WHAT YOU NEED TO DO -
All records, exactly as written, minus the pictures: copy them out.

━━━━━ ENTRIES SUPPLIED ━━━━━

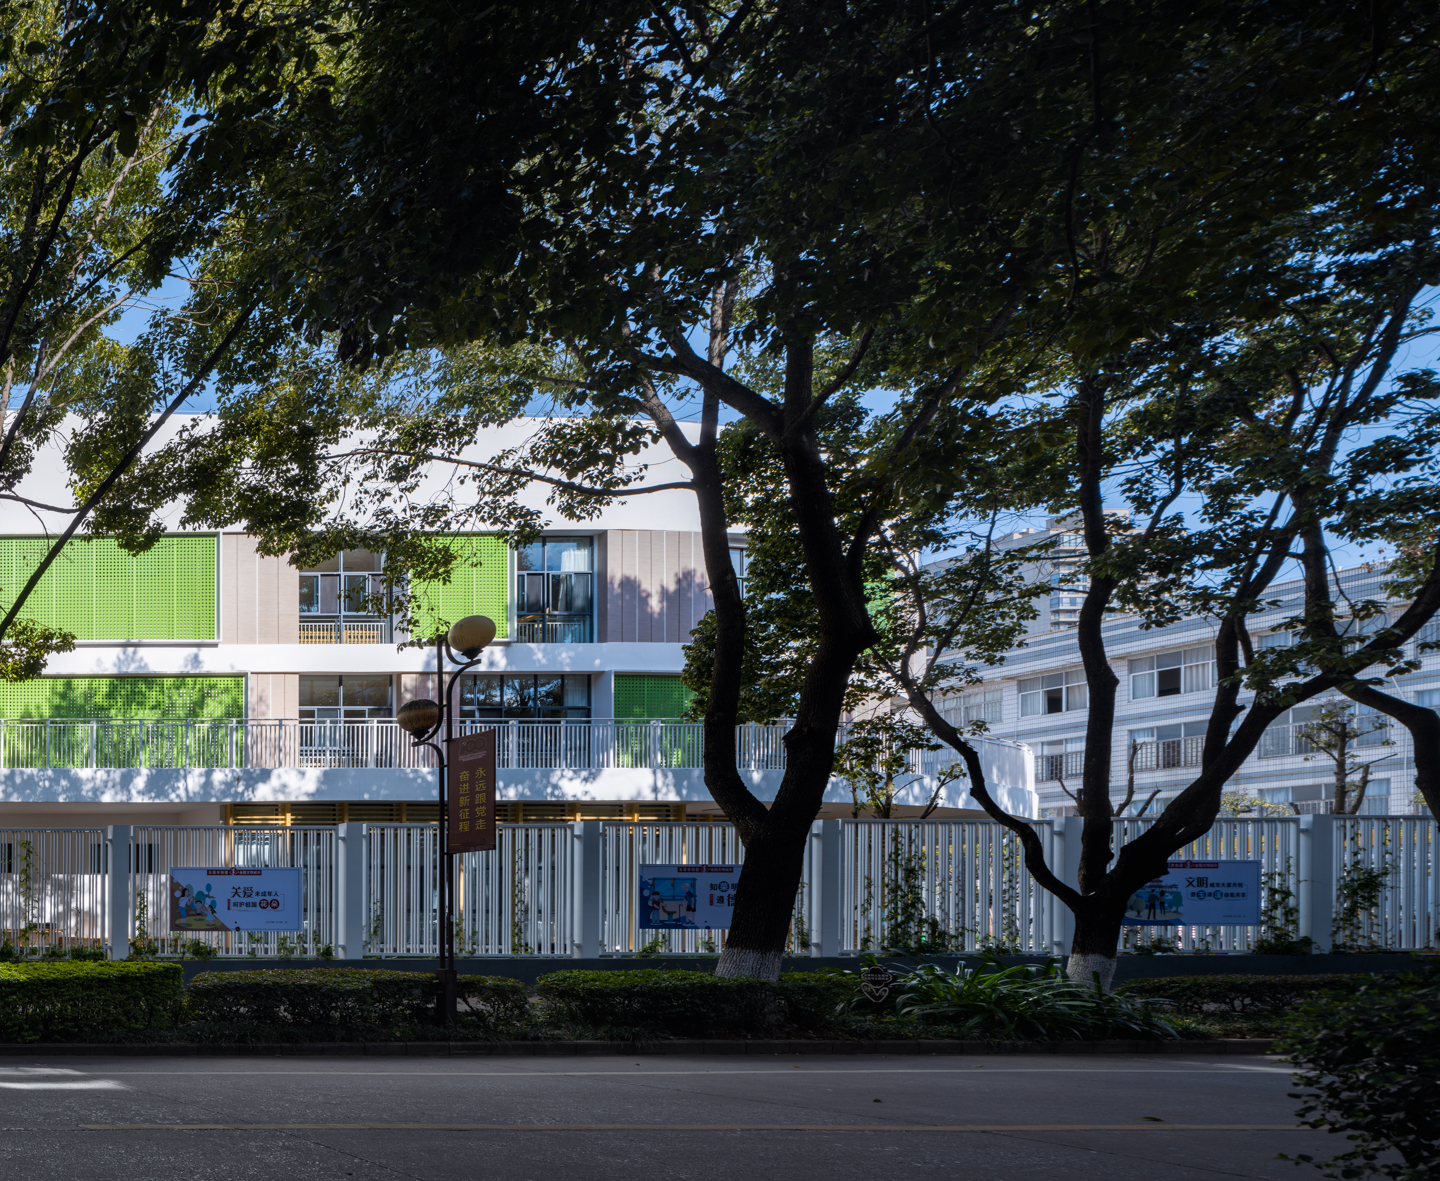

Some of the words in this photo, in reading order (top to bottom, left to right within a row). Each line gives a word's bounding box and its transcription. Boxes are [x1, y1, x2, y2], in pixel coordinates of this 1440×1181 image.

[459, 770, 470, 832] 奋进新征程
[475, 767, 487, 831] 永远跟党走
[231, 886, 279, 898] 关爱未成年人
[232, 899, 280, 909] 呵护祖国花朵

━━━━━

EXPECTED ANSWER -
Some of the words in this photo, in reading order (top to bottom, left to right within a row). Each line gives a word's bounding box and its transcription. Boxes are [x1, y1, x2, y2], in pixel coordinates of this 1440×1181 image.

[459, 770, 470, 832] 奋进新征程
[475, 767, 487, 831] 永远跟党走
[231, 886, 279, 898] 关爱未成年人
[232, 899, 280, 909] 呵护祖国花朵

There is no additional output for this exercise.